Premiered in Vienna in 1824 – just three years before his death, and years after he became totally deaf – this Ninth Symphony begins with the subtlest sense of quietude and then builds to a great declamation driven by the horns and winds, with a forceful crescendo hanging in the air. There is an urgency to this opening movement that shifts seamlessly from the lyrical to the stormy, with the low strings plucked to grand effect, and a great boom on timpani to bring things to a dramatic end.
The second movement, which opens with an anxious sound from the horns, moves into the symphony’s grandly familiar theme, full of heat and beauty, and with subtle warnings of something to come. Gorgeous melodies and rhythms are at play as the music moves from a galloping fury into an almost singing passage that builds to great intensity, and then makes a sudden shift to lightness and a rapturous riff on the clarinet. A great crescendo suggests a sense of forging forward despite barriers, and it all comes to a brief but momentous end.
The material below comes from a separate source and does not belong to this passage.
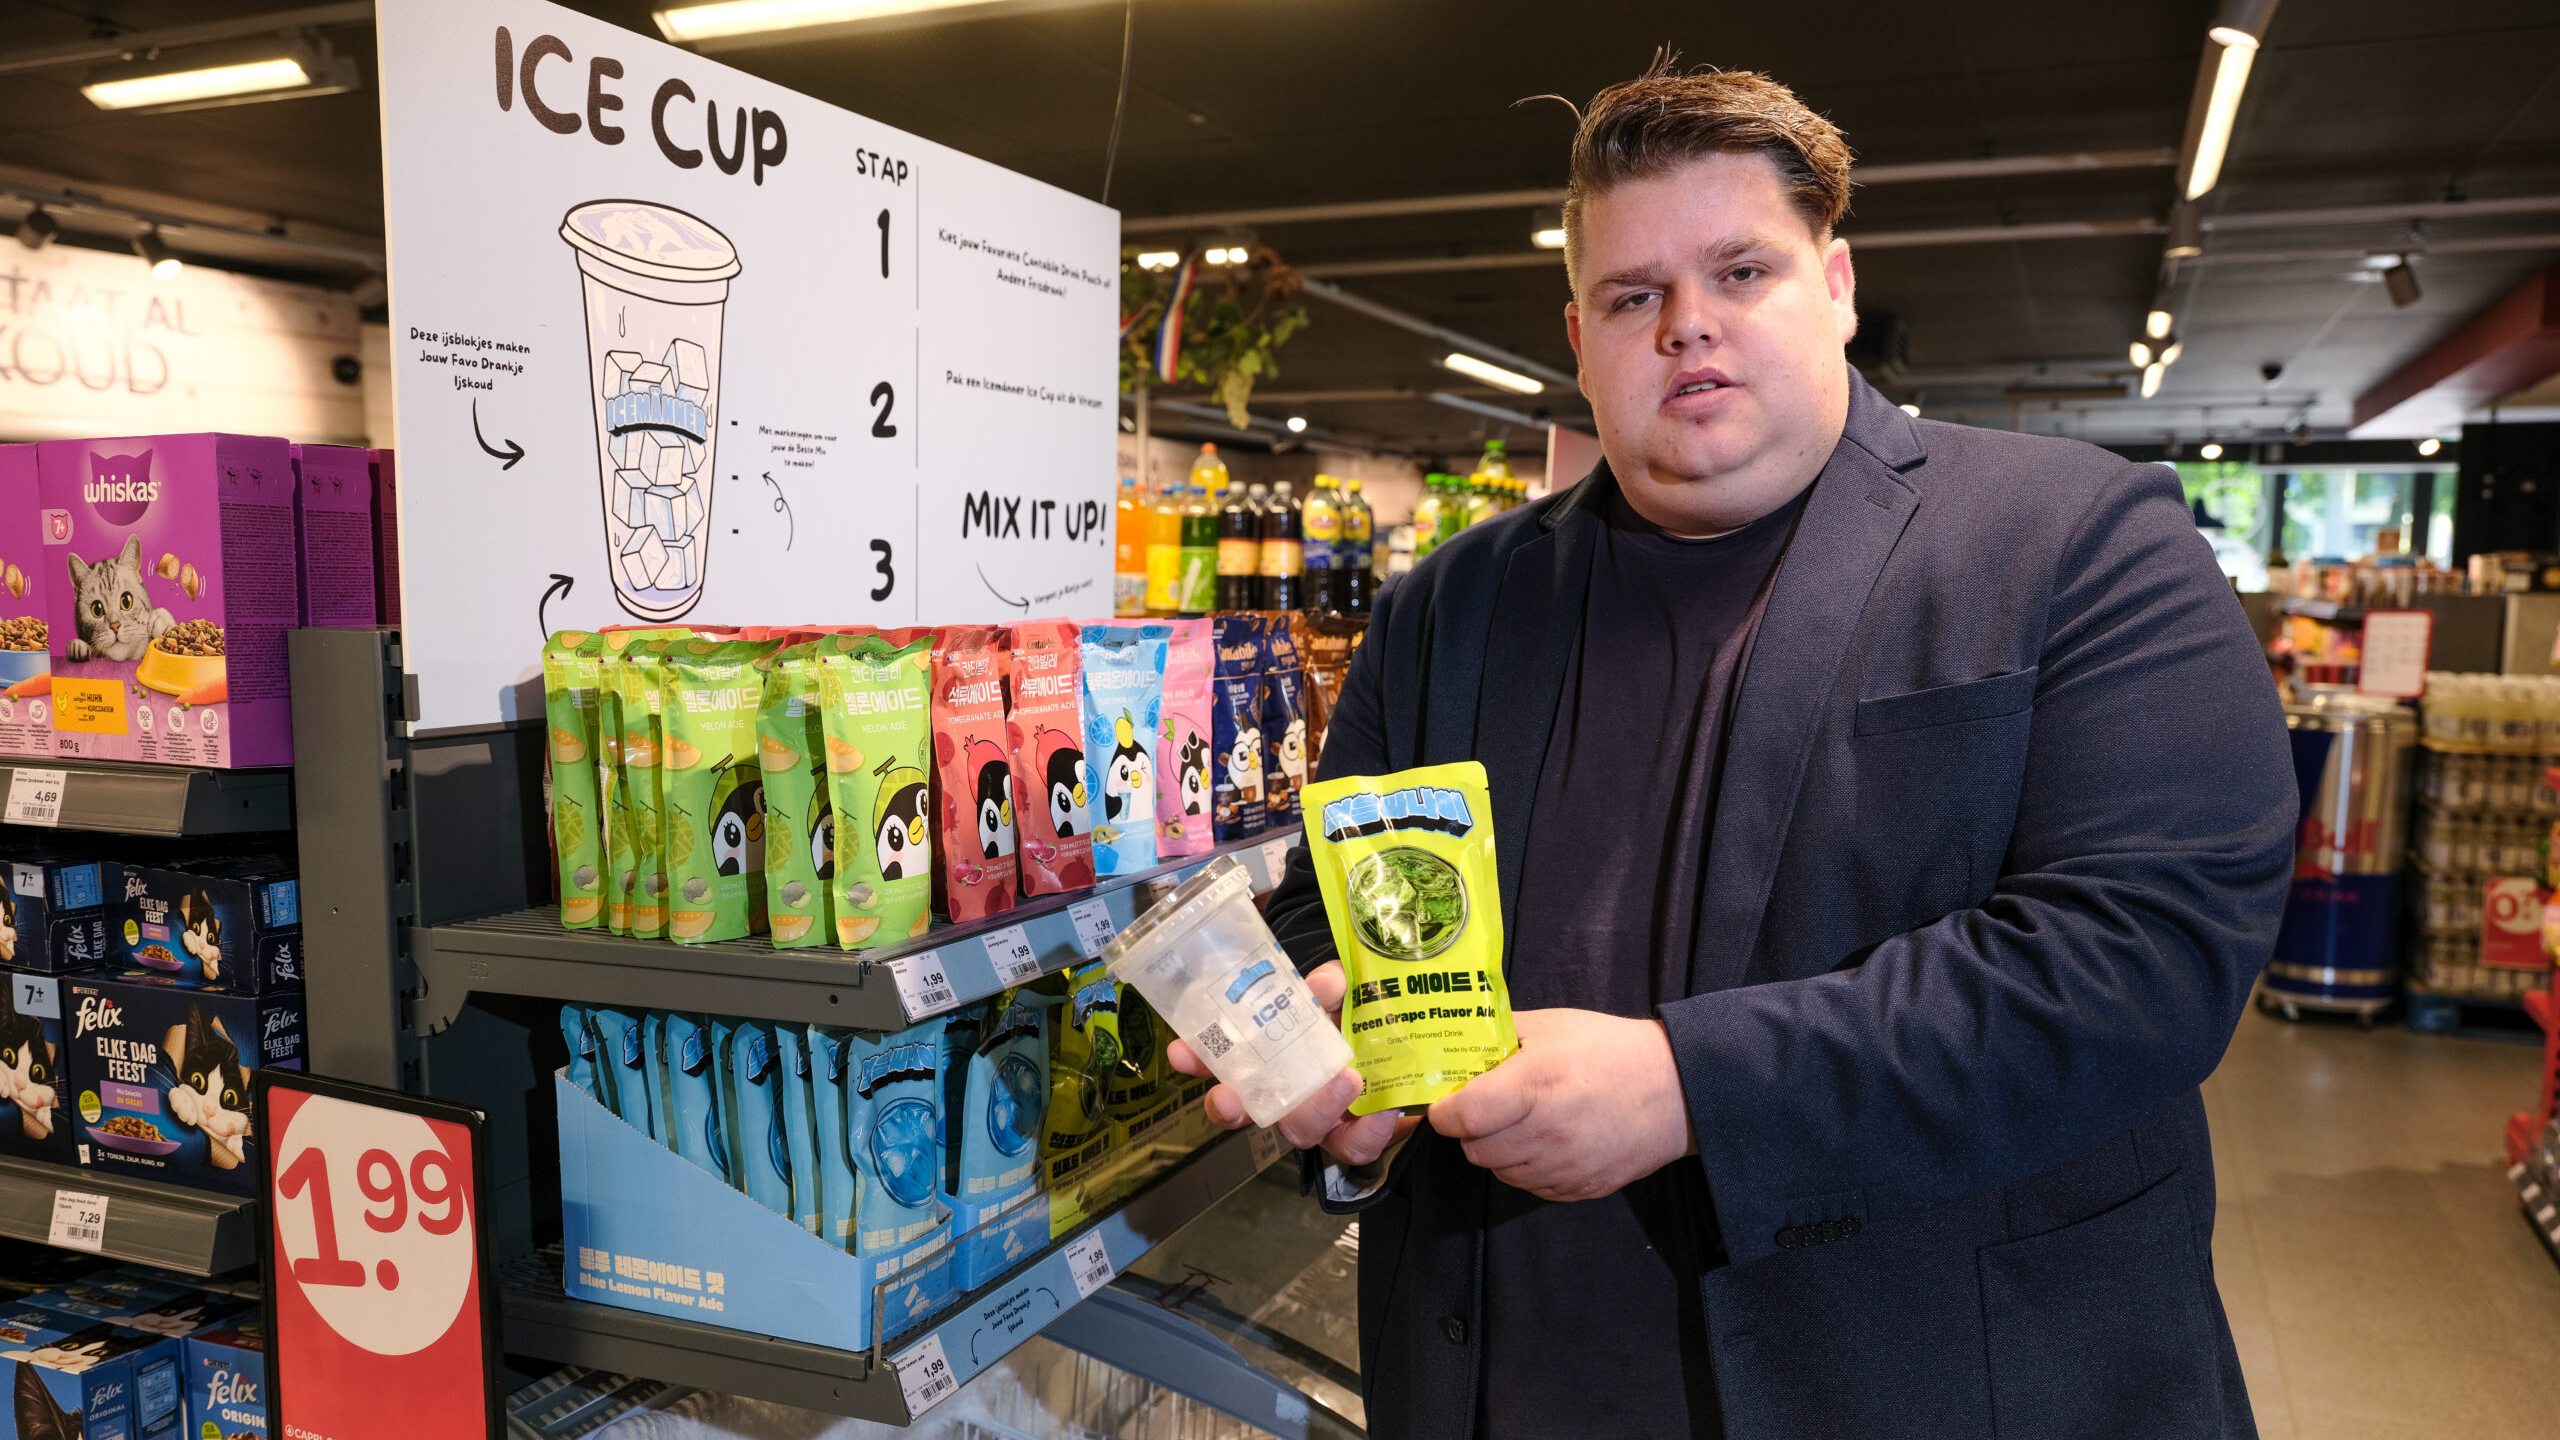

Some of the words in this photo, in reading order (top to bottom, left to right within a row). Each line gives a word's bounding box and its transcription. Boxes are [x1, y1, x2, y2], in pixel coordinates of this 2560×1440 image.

The third movement begins in a gently solemn mood with the strings, joined by the horns, playing a plaintive, calming melody – a kind of musical salve that suggests peace.
The fourth and final movement marks a dramatic symphonic innovation by Beethoven with the introduction of human voices. In this case, the voices come from the massive CSO Chorus along with four soloists including soprano Janai Brugger, mezzo-soprano Jennifer Johnson Cano, tenor Issachah Savage and bass Tareq Nazmi.
The triumphal sound of the orchestra unites with the human breath of the singers in a spirit-raising celebration of formidable power – music that seems to be driven into a grand fury by an acknowledgement of the need for peace, and the sensation of sheer joy.
Joining Muti and the musicians for a grand ovation was Duain Wolfe, director and conductor of the CSO Chorus for the past 28 seasons. Wolfe has announced his retirement, and at Sunday’s performance Muti was set to present him with the Theodore Thomas Medallion, the CSO’s award for distinguished artist service.
Note: This was Maestro Muti’s last performance with the CSO until March 31 when he returns to conduct the CSO in a program of Bruckner’s “Symphony No. 2,” Mahler’s “Ruckert Lieder” (sung by mezzo-soprano Elina Garanca), and the world premiere of former Mead Composer-in-Residence Missy Mazzoli’s “Orpheus Undone.”